В холле стоял винный дух, и царило нездоровое оживление. Лена хохотала, сгибаясь пополам и держась за живот; Борис порывался прижать ее к себе, но писателька вырывалась и продолжала заливаться. У столика с бесполезным передатчиком сидел Майк с Тамарой на коленях. На столике лежал открытый мешок с давлеными, потекшими ягодами, а колдунья шумно негодовала, извивалась и пыталась вырваться. Одной рукой версан удерживал ее, в другой сжимал ложку, полную ягод.
– Ложечку за Элана, ложечку за Майка, – приговаривал он с неистребимым добродушием, несмотря на ее возмущенные вопли. – Уж будь любезна: тигреро велел есть…
Изловчившись, колдунья поддала ложку, ягоды разлетелись во все стороны. На ковре заалели мокрые кляксы.
– Отвяжись, изверг!
С видом ласковой укоризны Майк снова зачерпнул снадобья.
– Ну пожалуйста, мадам Милован. Хоть ягодку. Не то вон Мишель пришла и все съест.
– Мишель вина не пьет и ягод не ест, – отозвалась версана.
Напрасно Майк позволяет себе вольности: колдунья – баба стервозная, ему ой как отольется.
В холл вошел Элан, глянул на спектакль.
– Тамара, я просил всех поесть ягод. Алкоголь снимает стрессы и помогает противостоять излучению Изабеллы. Иначе вы не сумеете выйти из ущелья, – объяснил он с обычной сдержанностью.
– Отвяжитесь от меня!!! – завизжала Тамара, хватила ноготками Майка по лицу.
Версан дернул головой, царапины налились кровью. Элан расстегнул кобуру, достал ракетницу.
– Майк, отпусти. Тамара, – повторил он отчетливо, – я сказал всем поесть ягод.
Она вскочила с колен версана, надменно выпрямилась.
– Не хочу!
Тигреро выстрелил. Ракета ударилась о стекло, отскочила на пол, зашипела, пылая желтым огнем. Элан направил ствол Тамаре в лицо.
– Три ложки. Полных. Быстро.
Она зачерпнула ягод. Отправила в рот. Проглотила. Вторую ложку; третью. Зачерпнула четвертую.

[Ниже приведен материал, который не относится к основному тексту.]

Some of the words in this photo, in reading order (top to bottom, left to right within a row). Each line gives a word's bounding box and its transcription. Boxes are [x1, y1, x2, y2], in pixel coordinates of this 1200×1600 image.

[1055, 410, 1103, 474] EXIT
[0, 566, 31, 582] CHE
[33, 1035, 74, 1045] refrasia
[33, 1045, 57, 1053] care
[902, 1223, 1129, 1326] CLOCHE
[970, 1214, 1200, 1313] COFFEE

– Остановись, – посоветовал Борис, обнимая Лену; писателька больше не смеялась.
Ягоды полетели Элану в лицо. Он уклонился, и ковер испестрили новые кляксы.
– Благодарю вас; теперь соберите вещи, и через две минуты уходим. – Элан взял со стола мешок и чистую ложку, повернулся к Мишель. – Будьте добры.
– Не надо. Я и так пройду; и буду слушаться.
Тигреро протянул мешок.
– Я вас прошу. За мое здоровье, – промолвил он серьезно.
Мишель уступила. В конце концов, она уже пробовала винные ягоды, и на тропе от них ничего не сделалось. Версана съела свою порцию ягод и подняла взгляд. В измученных глазах тигреро таилась нежность. И тревога. И что-то еще, чему она не сумела дать названия. Ей захотелось прильнуть к нему, обнять за шею, благодарно уткнуться лицом в плечо. Защитник. Она улыбнулась и вернула Элану мешок.
– Изверги, – фыркнула Тамара, возвращаясь с сумкой на плече. – Издеваются, как хотят. Ну, пошли, что ли?
И они пошли.
На Одиннадцатом Приюте Элан сделал двухчасовой привал и повел группу дальше; на Двенадцатом заночевали. Назавтра снова двойной переход, и когда в сумерках дотащились до Четырнадцатого, Лена зашмыгала носом и сквозь слезы заявила, что дальше не пойдет.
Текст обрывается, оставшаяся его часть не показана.